- _Problem_:
Set down all of the data exactly. Pictures stay out of the copy.

┌────────

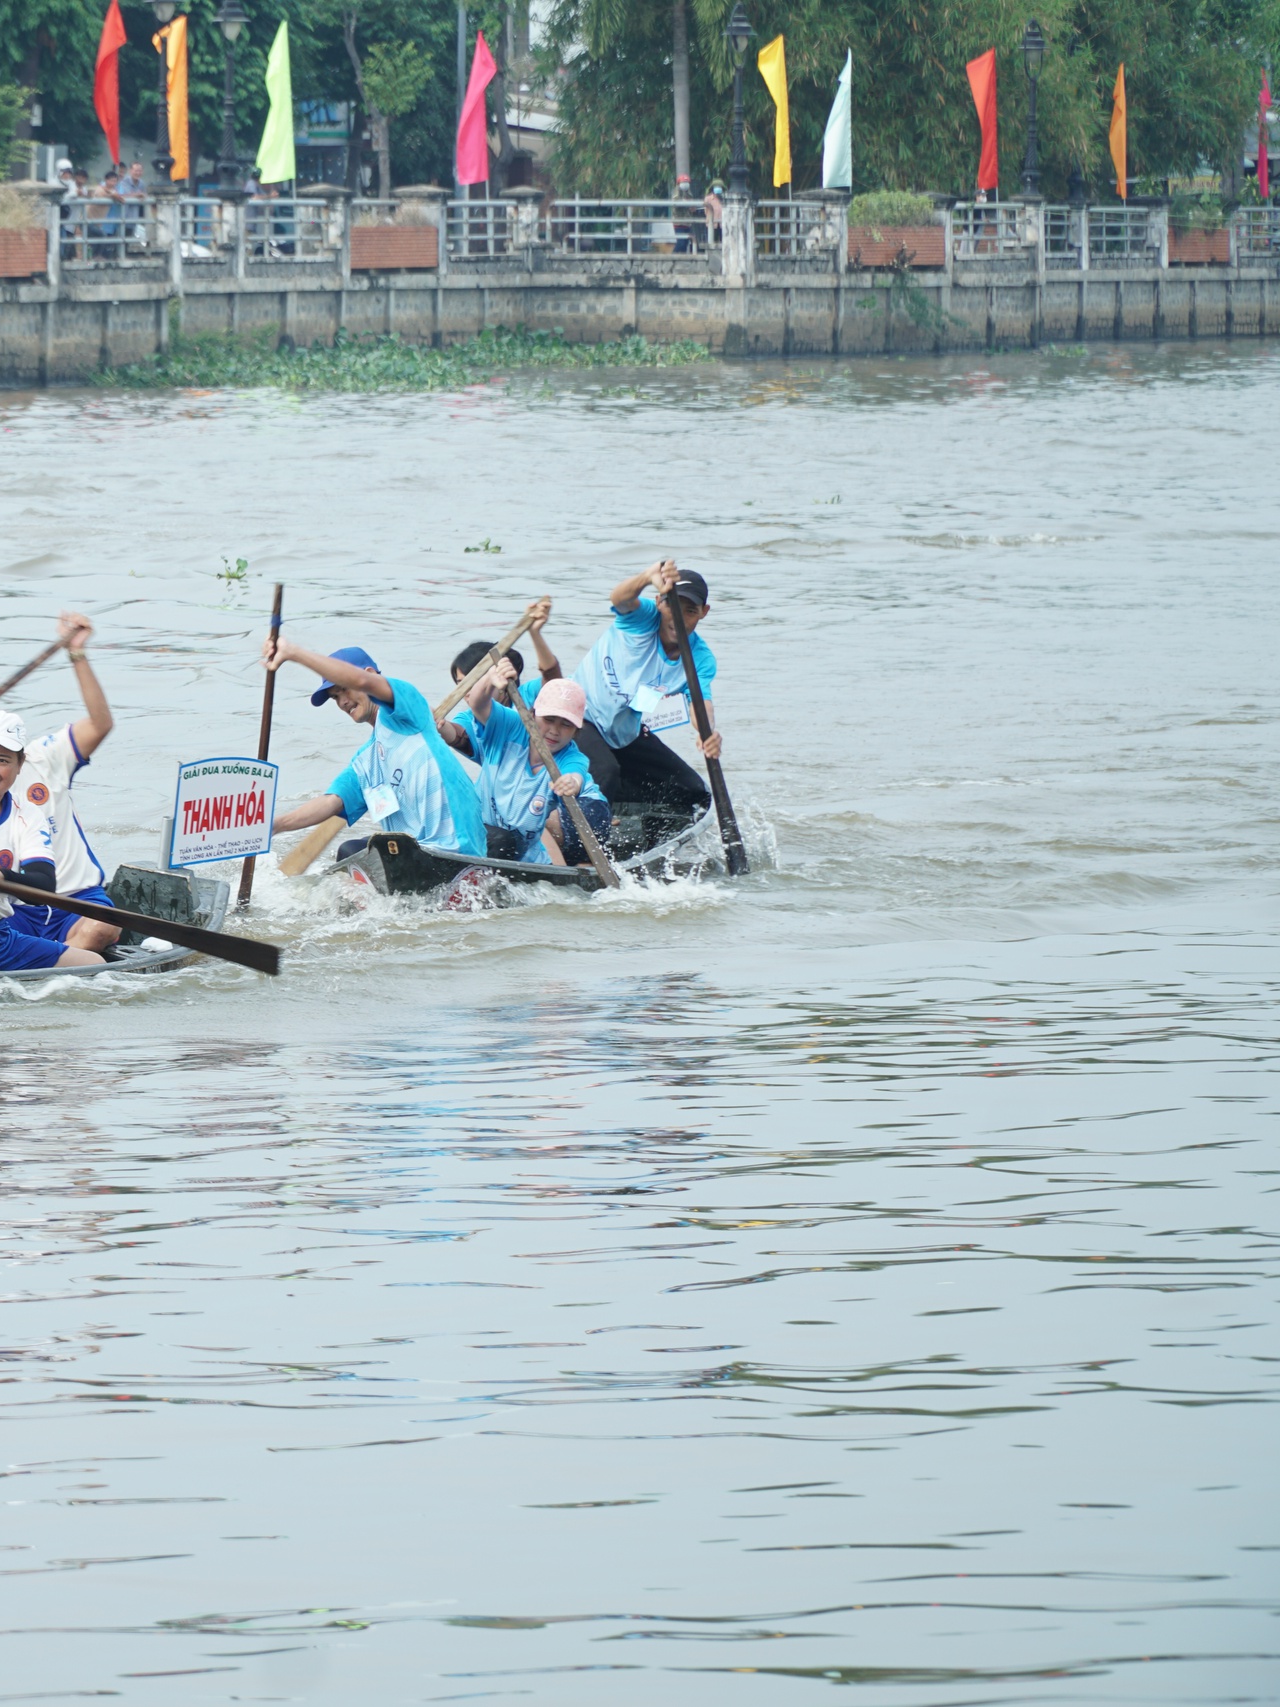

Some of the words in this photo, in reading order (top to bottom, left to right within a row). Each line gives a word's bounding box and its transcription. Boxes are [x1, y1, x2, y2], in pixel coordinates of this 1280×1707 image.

[183, 767, 200, 780] GIẢI
[202, 766, 219, 776] ĐUA
[251, 767, 262, 776] BA
[263, 768, 274, 779] LÁ
[184, 795, 234, 841] THẠNH
[234, 780, 265, 828] HÓA

└────────

- _Response area_:
Some of the words in this photo, in reading order (top to bottom, left to right within a row). Each line gives a word's bounding box and its transcription. Boxes are [x1, y1, x2, y2], in pixel coordinates of this 1280×1707 image.

[183, 767, 200, 780] GIẢI
[202, 766, 219, 776] ĐUA
[251, 767, 262, 776] BA
[263, 768, 274, 779] LÁ
[184, 795, 234, 841] THẠNH
[234, 780, 265, 828] HÓA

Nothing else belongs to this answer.